• _DATA PROVIDED_:
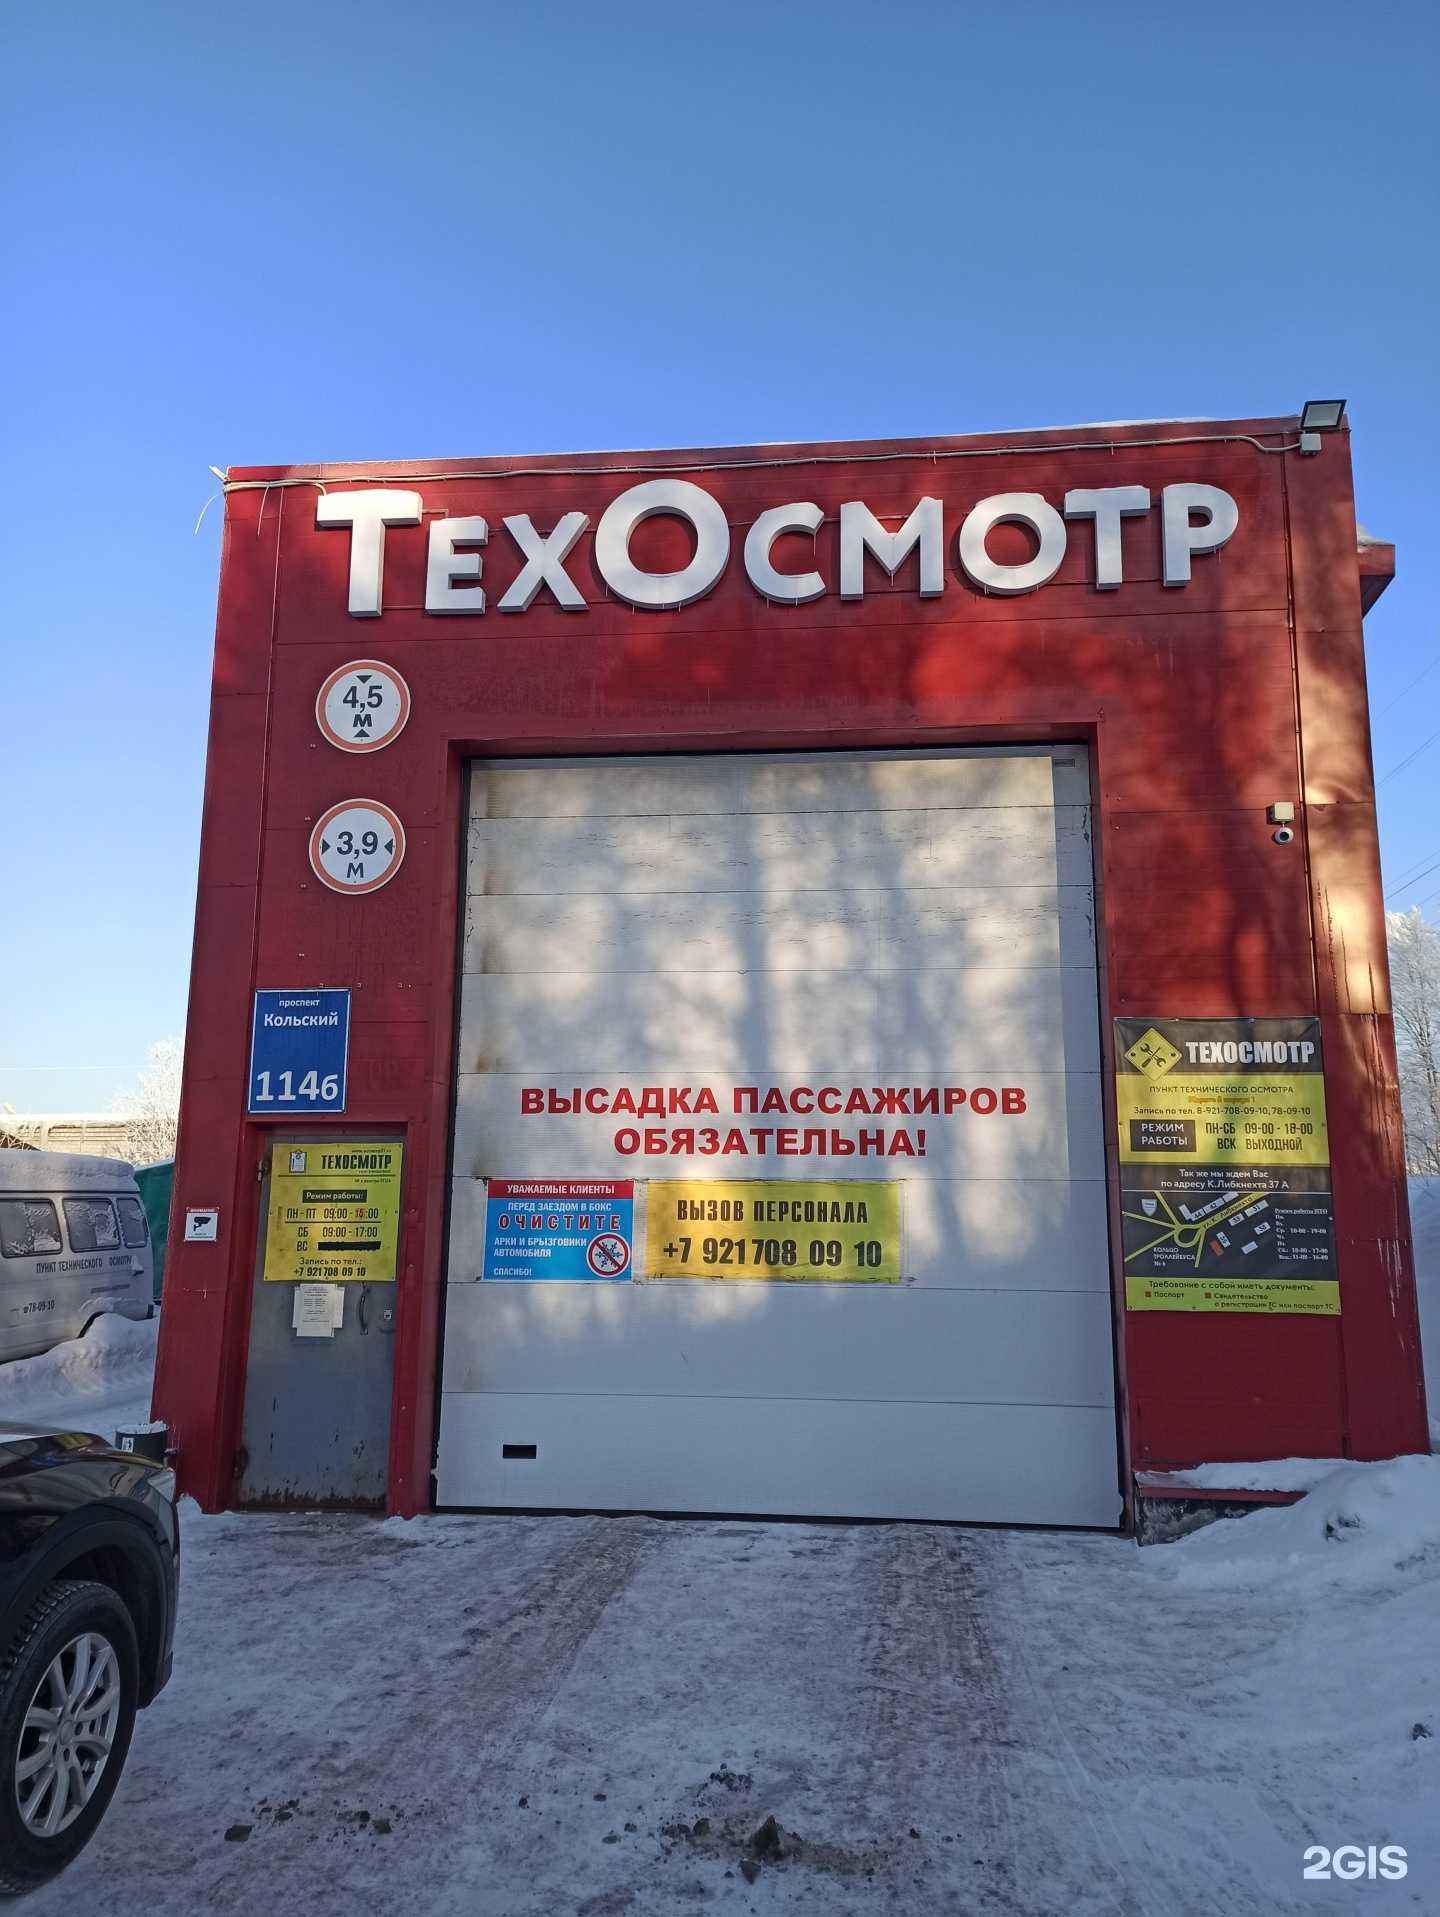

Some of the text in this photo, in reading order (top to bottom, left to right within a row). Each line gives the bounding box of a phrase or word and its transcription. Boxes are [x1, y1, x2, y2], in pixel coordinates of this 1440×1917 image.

[342, 684, 383, 713] 4,5
[336, 830, 379, 860] 3,9
[279, 999, 320, 1009] проспект
[264, 1011, 338, 1027] Кольский
[1186, 1041, 1315, 1065] ТЕХОСМОТР
[520, 1086, 1028, 1119] ВЫСАДКА ПАССАЖИРОВ
[1134, 1106, 1164, 1115] Запись
[1141, 1123, 1185, 1133] РЕЖИМ
[1205, 1122, 1236, 1135] ПН-СБ
[1244, 1122, 1274, 1135] 09-00
[613, 1127, 928, 1157] ОБЯЗАТЕЛЬНА!
[1141, 1136, 1189, 1146] РАБОТЫ
[1217, 1136, 1303, 1151] ВСК ВЫХОДНОЙ
[321, 1154, 393, 1170] ТЕХОСМОТР
[1179, 1168, 1195, 1178] Так
[1196, 1170, 1209, 1178] же
[1210, 1170, 1224, 1178] мы
[1252, 1169, 1269, 1178] Вас
[506, 1184, 615, 1194] УВАЖАЕМЫЕ КЛИЕНТЫ
[1174, 1181, 1206, 1190] адресу
[1268, 1180, 1280, 1189] 37
[1281, 1181, 1290, 1189] А
[306, 1191, 332, 1200] Режим
[287, 1207, 299, 1219] ПН
[305, 1207, 317, 1219] ПТ
[323, 1208, 348, 1219] 09:00
[508, 1202, 612, 1212] ПЕРЕД ЗАЕЗДОМ В БОКС
[676, 1199, 869, 1224] ВЫЗОВ ПЕРСОНАЛА
[498, 1213, 621, 1230] ОЧИСТИТЕ
[297, 1226, 309, 1238] СБ
[322, 1227, 347, 1238] 09:00
[355, 1227, 378, 1238] 17:00
[296, 1240, 308, 1252] ВС
[494, 1237, 588, 1246] АРКИ И БРЫЗГОВИКИ
[493, 1248, 552, 1257] АВТОМОБИЛЯ
[663, 1237, 882, 1267] +7 921 708 09 10
[36, 1262, 57, 1274] ПУНКТ
[58, 1257, 103, 1273] ТЕХНИЧЕСКОГО
[299, 1257, 329, 1265] Запись
[294, 1267, 366, 1277] +7 921 708 09 10
[493, 1267, 532, 1276] СПАСИБО!

• _TASK INSTRUCTIONS_: What's needed is every line above, retyped exactly and free of pictures.

• _ANSWER BOX_:
Some of the text in this photo, in reading order (top to bottom, left to right within a row). Each line gives the bounding box of a phrase or word and its transcription. Boxes are [x1, y1, x2, y2], in pixel coordinates of this 1440×1917 image.

[342, 684, 383, 713] 4,5
[336, 830, 379, 860] 3,9
[279, 999, 320, 1009] проспект
[264, 1011, 338, 1027] Кольский
[1186, 1041, 1315, 1065] ТЕХОСМОТР
[520, 1086, 1028, 1119] ВЫСАДКА ПАССАЖИРОВ
[1134, 1106, 1164, 1115] Запись
[1141, 1123, 1185, 1133] РЕЖИМ
[1205, 1122, 1236, 1135] ПН-СБ
[1244, 1122, 1274, 1135] 09-00
[613, 1127, 928, 1157] ОБЯЗАТЕЛЬНА!
[1141, 1136, 1189, 1146] РАБОТЫ
[1217, 1136, 1303, 1151] ВСК ВЫХОДНОЙ
[321, 1154, 393, 1170] ТЕХОСМОТР
[1179, 1168, 1195, 1178] Так
[1196, 1170, 1209, 1178] же
[1210, 1170, 1224, 1178] мы
[1252, 1169, 1269, 1178] Вас
[506, 1184, 615, 1194] УВАЖАЕМЫЕ КЛИЕНТЫ
[1174, 1181, 1206, 1190] адресу
[1268, 1180, 1280, 1189] 37
[1281, 1181, 1290, 1189] А
[306, 1191, 332, 1200] Режим
[287, 1207, 299, 1219] ПН
[305, 1207, 317, 1219] ПТ
[323, 1208, 348, 1219] 09:00
[508, 1202, 612, 1212] ПЕРЕД ЗАЕЗДОМ В БОКС
[676, 1199, 869, 1224] ВЫЗОВ ПЕРСОНАЛА
[498, 1213, 621, 1230] ОЧИСТИТЕ
[297, 1226, 309, 1238] СБ
[322, 1227, 347, 1238] 09:00
[355, 1227, 378, 1238] 17:00
[296, 1240, 308, 1252] ВС
[494, 1237, 588, 1246] АРКИ И БРЫЗГОВИКИ
[493, 1248, 552, 1257] АВТОМОБИЛЯ
[663, 1237, 882, 1267] +7 921 708 09 10
[36, 1262, 57, 1274] ПУНКТ
[58, 1257, 103, 1273] ТЕХНИЧЕСКОГО
[299, 1257, 329, 1265] Запись
[294, 1267, 366, 1277] +7 921 708 09 10
[493, 1267, 532, 1276] СПАСИБО!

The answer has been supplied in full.